共同声明ではまた、米国とイスラエルによるイランへの攻撃について、国際法および国際関係の基本原則に違反するものだと非難し、対話への回帰を呼びかけた。中露両国はこれまでも国連安保理などの場でイラン問題に関して欧米諸国と対立してきたが、今回の声明はその立場をより鮮明にしたものといえる。
一方、経済・エネルギー分野では広範な協力の拡大がうたわれたものの、注目されていた天然ガスパイプライン「シベリアの力2」については合意に至らなかった。同パイプラインはロシアからモンゴルを経由して中国へ天然ガスを輸送する構想で、ロシア側が欧州向け輸出の代替として推進してきたが、価格や供給量などの条件面で両国の隔たりが埋まらなかったとみられる。プーチン大統領は深夜の茶会の後、北京を後にした。

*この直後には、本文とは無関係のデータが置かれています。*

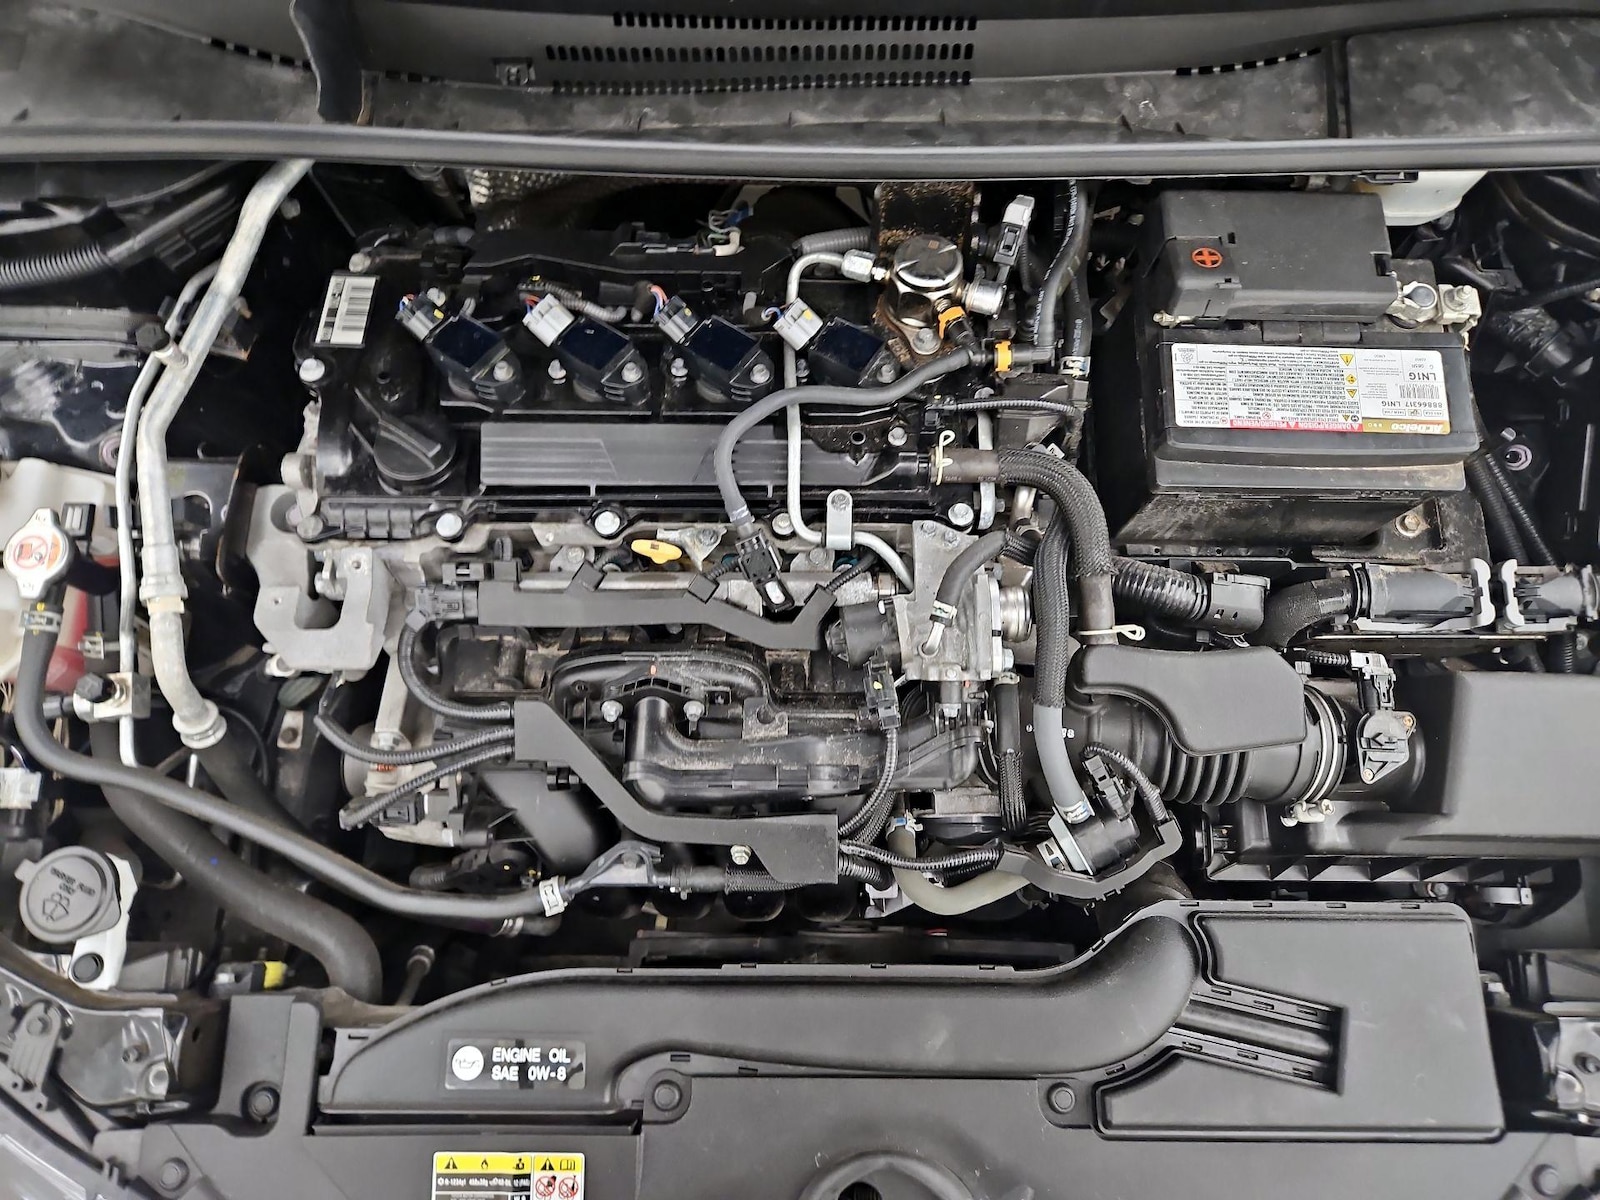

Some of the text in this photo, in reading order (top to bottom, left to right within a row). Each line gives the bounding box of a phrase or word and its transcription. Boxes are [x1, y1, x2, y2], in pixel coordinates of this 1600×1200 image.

国内では、栃木県で発生した強盗殺人事件で新たな事実が判明した。被害者の富山栄子さんの飼い犬が、敷地内で血まみれの状態で死んでいるのが見つかった。捜査当局は、少年らが犬の鳴き声で近隣住民に気付かれることを防ぐため、犬を殺害した可能性が高いとみており、動物愛護法違反の疑いでも捜査を進めている。残虐な犯行の全容が徐々に明らかになりつつある。